Today the Free Software community celebrates the 30th birthday of GRASS
GIS! GRASS (Geographic Resources Analysis Support System) is a free and
open source Geographic Information System (GIS) software suite used for
geospatial data management and analysis, image processing, graphics and
map production, spatial modeling, and 3D visualization. GRASS GIS is
currently used in academic and commercial settings around the world, as
well as by many governmental agencies and environmental consulting
companies. GRASS GIS can be used either as a stand-alone application or
as backend for other software packages such as QGIS and R
geostatistics. It is a founding member of the Open Source Geospatial
Foundation (OSGeo) and can be freely downloaded at
http://grass.osgeo.org/download/software/.


Brief history

In 1982, Lloyd Van Warren, a University of Illinois engineering
student, began development on a new computer program based on a
master's thesis by Jim Westervelt that described a GIS package called
LAGRID – the Landscape Architecture Gridcell analysis system. Thirty
years ago, on 29 July 1983, the user manual for this new system titled
"GIS Version 1 Reference Manual" was first published by J. Westervelt
and M. O'Shea. The software continued its development at the U.S. Army
Corps of Engineers Construction Engineering Research Laboratory
(USA/CERL) in Champaign, Illinois; and after further expansion version
1.0 was released in 1985 under the name Geographic Resources Analysis
Support System (GRASS). The GRASS GIS community was established the
same year with the first annual user meeting and the launch of
GRASSnet, one of the internet's early mailing lists. The user community
expanded to a larger audience in 1991 with the "Grasshopper" mailing
list and the introduction of the World Wide Web. The users' and
programmers' mailing lists archives for these early years are still
available online. In the mid 1990s the development transferred from
USA/CERL to The Open GRASS Consortium (a group who would later
generalize to become today's Open Geospatial Consortium -- the OGC).
The project coordination eventually shifted to the actual international
development team made up of governmental and academic researchers and
university scientists. Reflecting this shift to a project run by the
users, for the users, in 1999 GRASS GIS was released the first time
under the terms of the GNU General Public License (GPL). A detailed
history of GRASS GIS can be found at http://grass.osgeo.org/history/.

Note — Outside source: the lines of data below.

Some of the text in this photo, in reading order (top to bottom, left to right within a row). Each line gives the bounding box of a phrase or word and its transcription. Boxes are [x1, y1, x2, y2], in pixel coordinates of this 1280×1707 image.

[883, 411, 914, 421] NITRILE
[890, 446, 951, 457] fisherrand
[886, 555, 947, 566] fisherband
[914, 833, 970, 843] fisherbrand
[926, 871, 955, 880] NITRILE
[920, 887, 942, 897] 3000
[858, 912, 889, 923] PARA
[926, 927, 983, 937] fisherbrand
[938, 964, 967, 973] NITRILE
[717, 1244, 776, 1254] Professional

Since these early days GRASS development has progressed and grown,
adjusting with and often at the forefront of new technologies as they
became available. Today GRASS's software development is maintained by a
team of domain experts as visualized in this beautiful new video
animation which stylistically details the codebase evolution and
modifications from 1999 through to 2013, up to and including the latest
GRASS GIS 6.4.3 stable release. 30 years of active growth: where are we
now?

Recent versions of GRASS GIS come with exciting new features like:
- A *new modern graphical user interface
  <http://grass.osgeo.org/screenshots/user-interface/> * complete with
  integrated workflow-wizards and interactive tools, 
- A *new Python
  interface<http://grasswiki.osgeo.org/wiki/GRASS_and_Python> * to the
  core C geoprocessing libraries, permitting Python developers to
  create powerful new modules in a quick and simple way,
- Fully-fledged *topological vector support*
  <http://grass.osgeo.org/grass64/manuals/vectorintro.html>for editing
  and tools for topological analysis and data cleaning,
- Hundreds of *new modules* to analyze raster and vector data of all
  scales and types, with hundreds more contributed in an active
  community repository,
- Support for *massive data processing* (e.g. relevant for LiDAR
  processing) and Large File Support (> 2GB, 64-bit files on 32-bit
  systems),
- A codebase *portable* to all of today's major Operating Systems,
- Installed on everything from low-power dataloggers and field laptops
  to high performance Grid Engines and TOP500 supercomputers. 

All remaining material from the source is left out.